Exercise description
Transcribe exactly the line that contains "this 1800×1200 image." and every line after it to the end of the entries, and nothing more.

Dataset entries
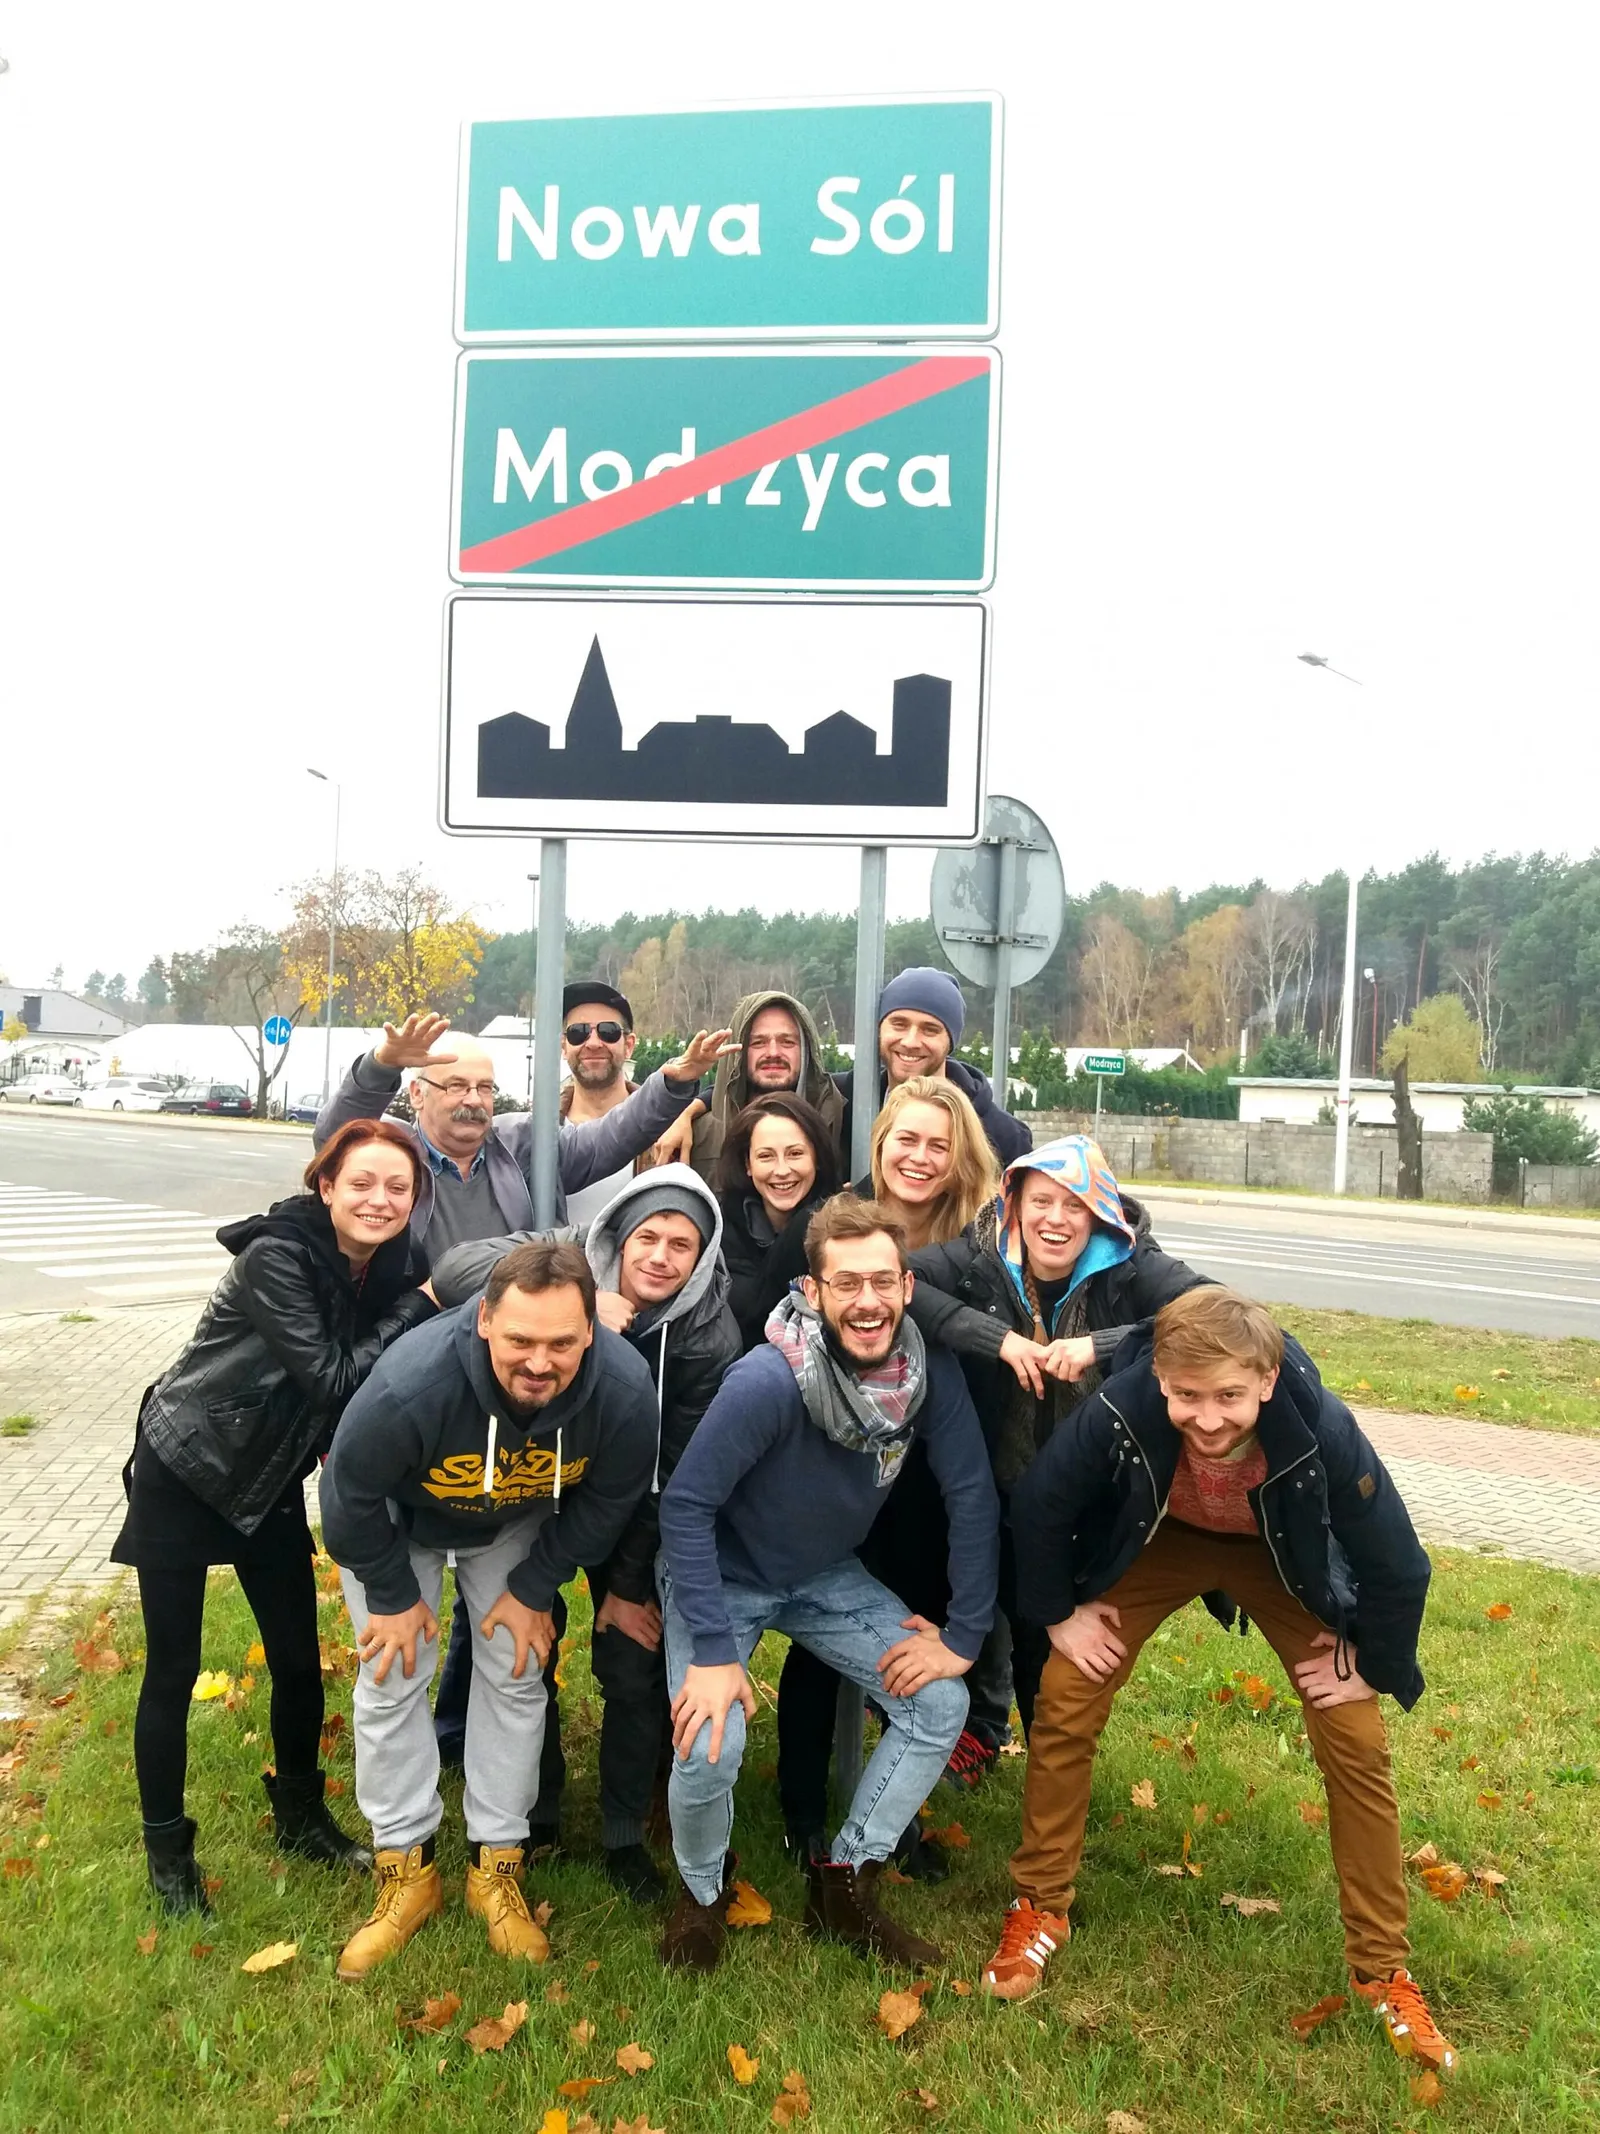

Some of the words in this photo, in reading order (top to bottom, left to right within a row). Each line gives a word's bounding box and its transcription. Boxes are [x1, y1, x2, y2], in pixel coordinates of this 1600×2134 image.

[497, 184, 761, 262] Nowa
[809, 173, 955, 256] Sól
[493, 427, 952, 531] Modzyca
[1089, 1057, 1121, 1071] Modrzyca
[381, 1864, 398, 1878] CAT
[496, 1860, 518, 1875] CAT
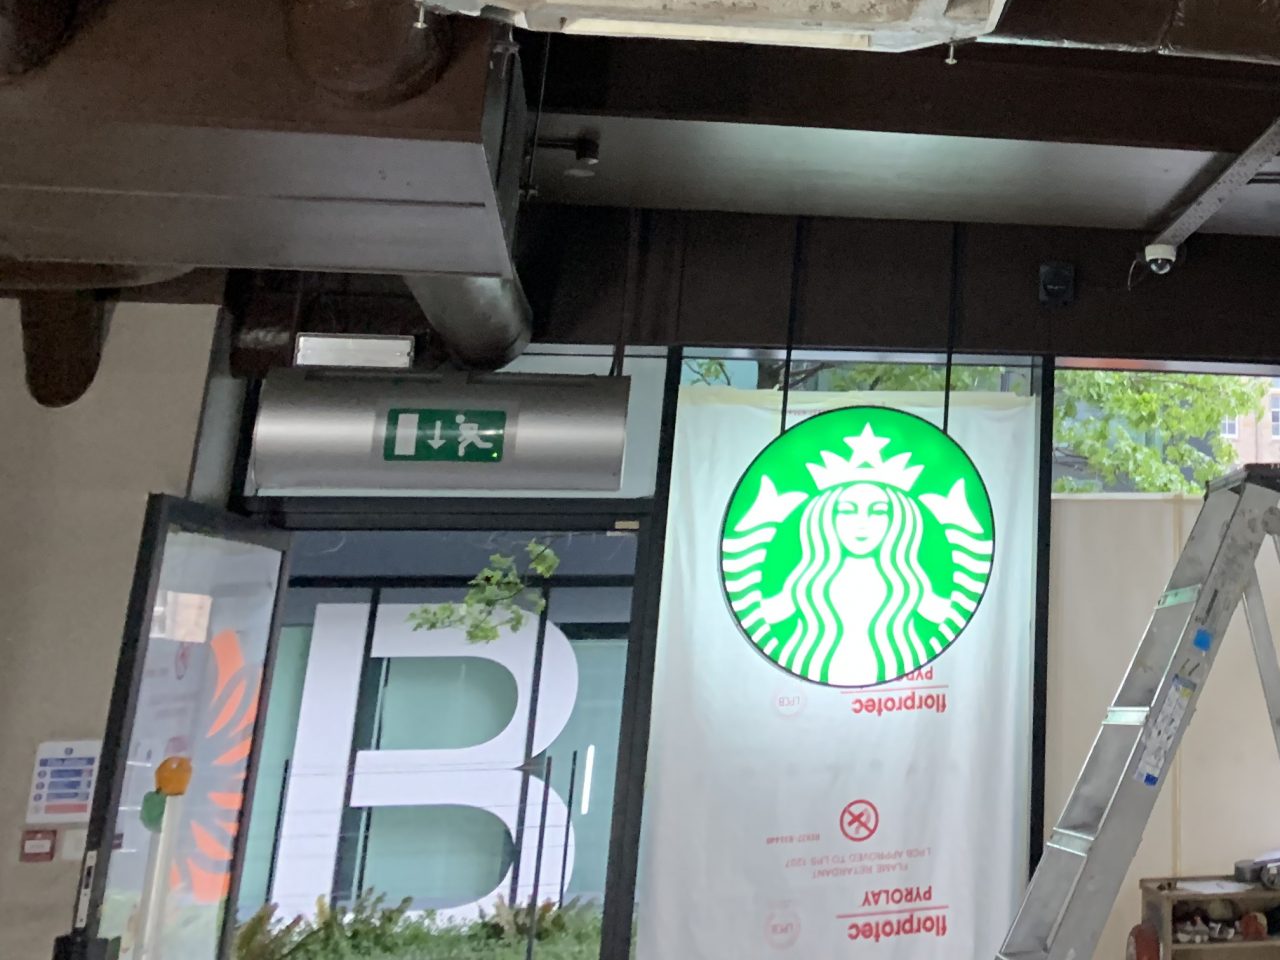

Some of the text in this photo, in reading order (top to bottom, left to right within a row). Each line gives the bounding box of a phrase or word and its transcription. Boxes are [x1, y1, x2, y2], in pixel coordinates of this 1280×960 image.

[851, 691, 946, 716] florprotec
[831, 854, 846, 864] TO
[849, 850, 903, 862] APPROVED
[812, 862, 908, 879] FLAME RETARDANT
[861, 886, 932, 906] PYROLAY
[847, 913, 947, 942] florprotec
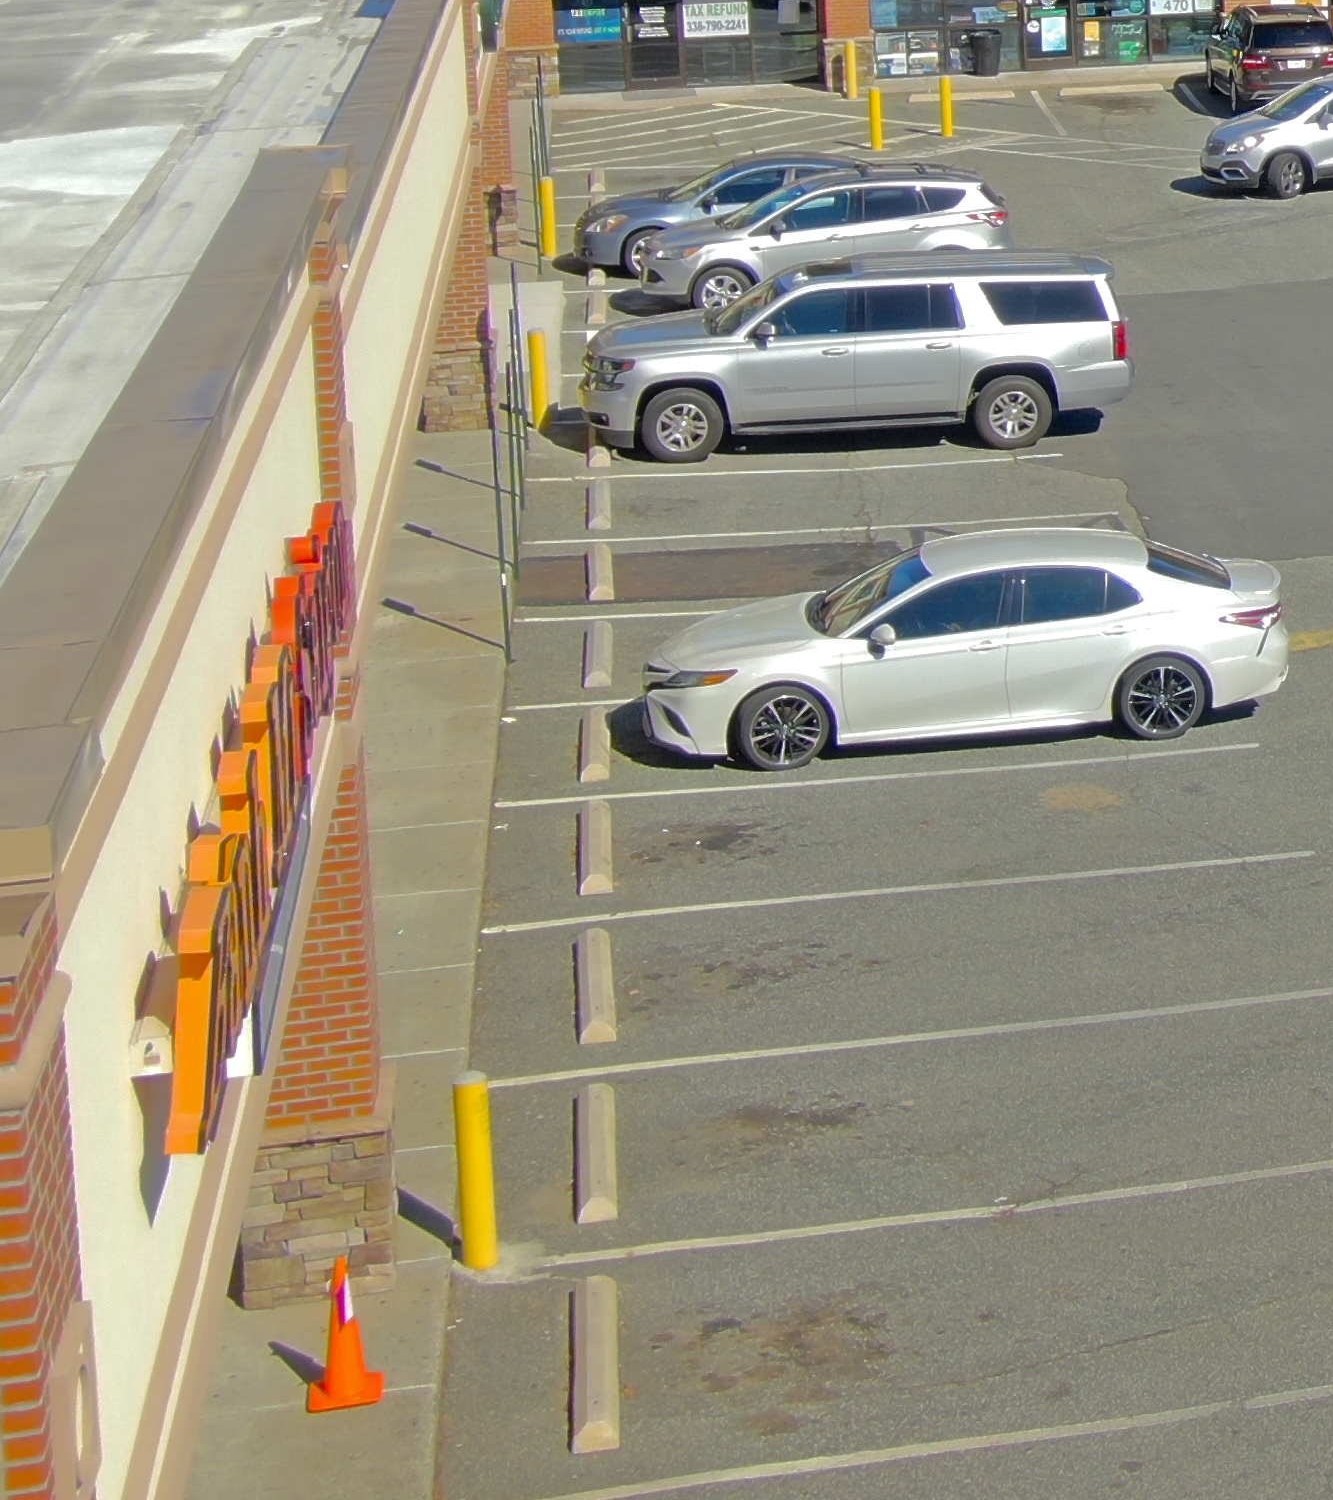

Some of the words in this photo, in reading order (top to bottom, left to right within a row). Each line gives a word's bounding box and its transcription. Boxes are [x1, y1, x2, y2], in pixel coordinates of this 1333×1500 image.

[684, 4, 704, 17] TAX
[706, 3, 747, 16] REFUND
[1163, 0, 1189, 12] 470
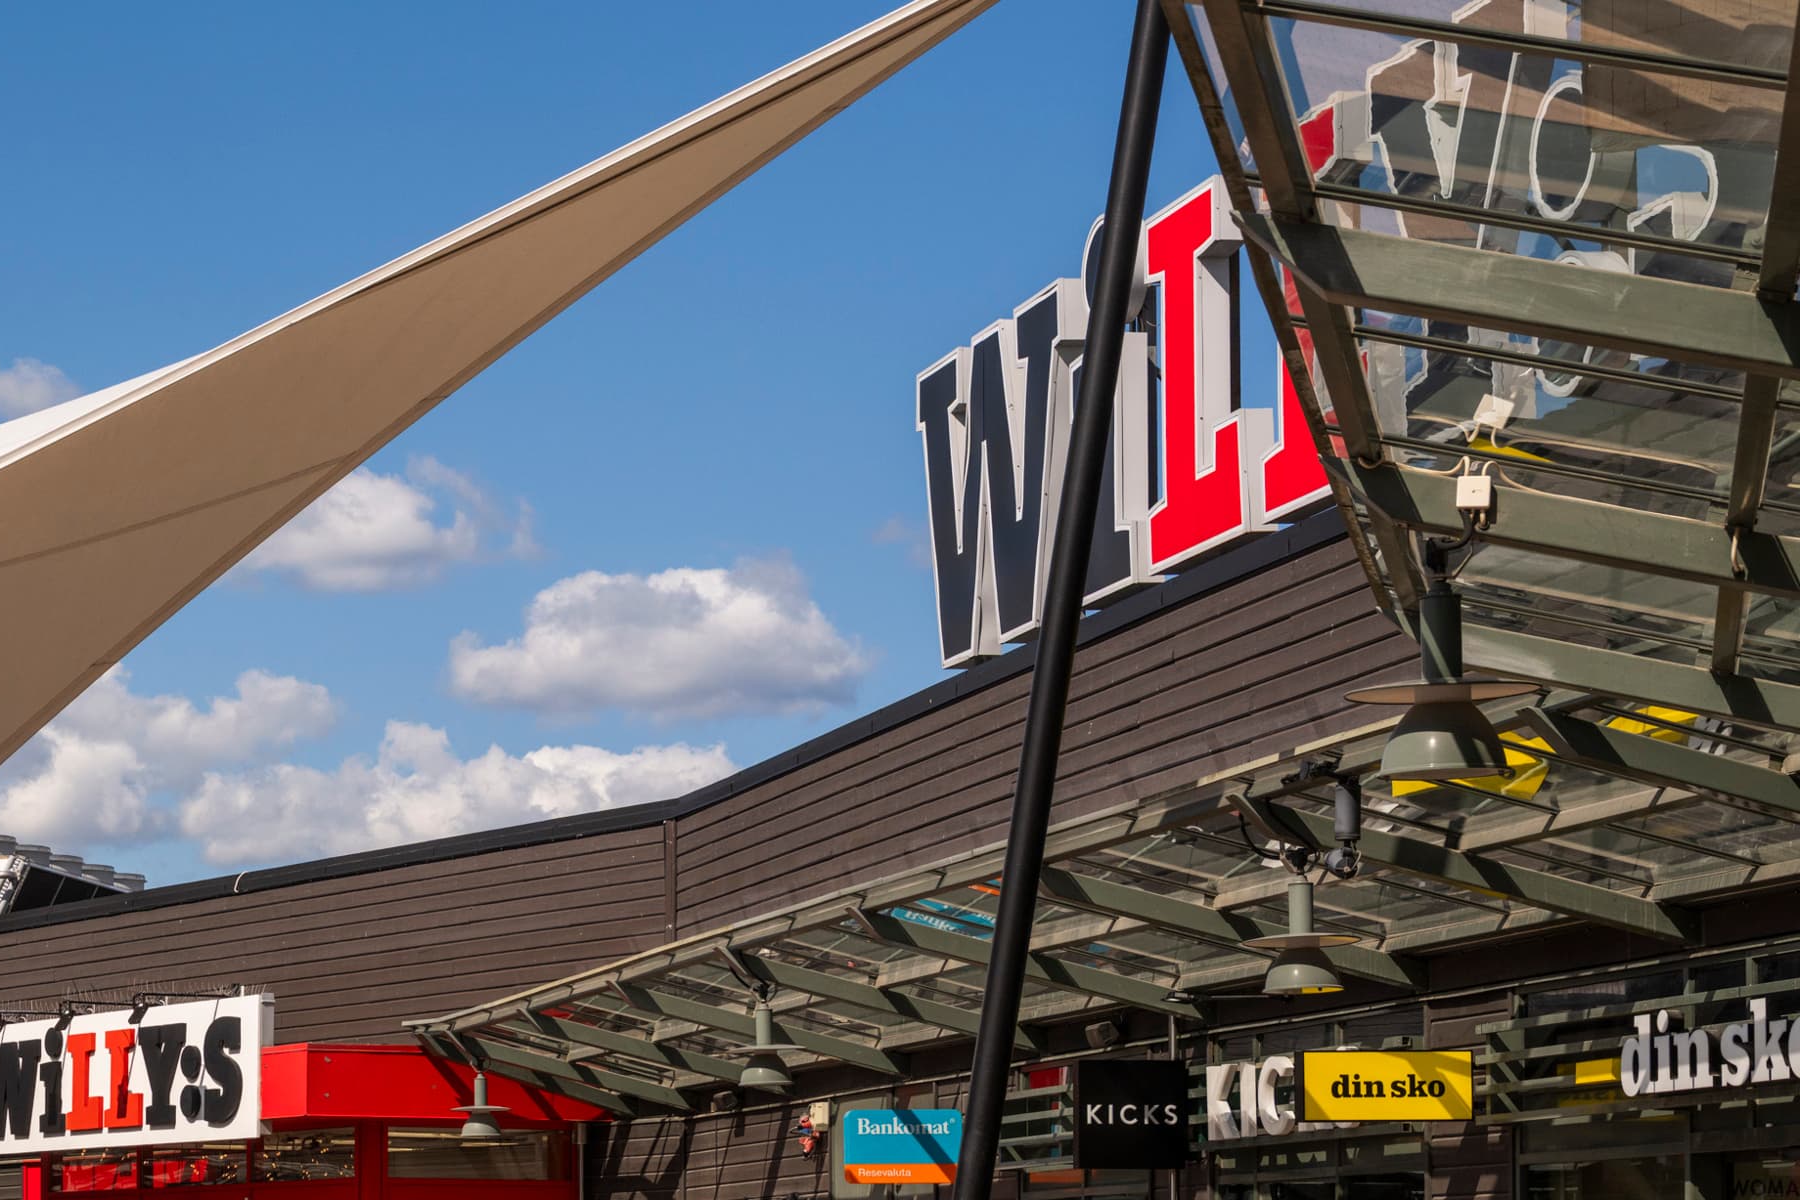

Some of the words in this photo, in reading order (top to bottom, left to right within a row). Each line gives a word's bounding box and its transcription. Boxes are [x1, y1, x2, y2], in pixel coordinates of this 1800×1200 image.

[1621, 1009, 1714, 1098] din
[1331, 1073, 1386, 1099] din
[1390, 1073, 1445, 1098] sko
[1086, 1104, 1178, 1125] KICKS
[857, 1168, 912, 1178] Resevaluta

Your response
Some of the words in this photo, in reading order (top to bottom, left to right within a row). Each line gives a word's bounding box and its transcription. Boxes are [x1, y1, x2, y2], in pixel coordinates of this 1800×1200 image.

[1621, 1009, 1714, 1098] din
[1331, 1073, 1386, 1099] din
[1390, 1073, 1445, 1098] sko
[1086, 1104, 1178, 1125] KICKS
[857, 1168, 912, 1178] Resevaluta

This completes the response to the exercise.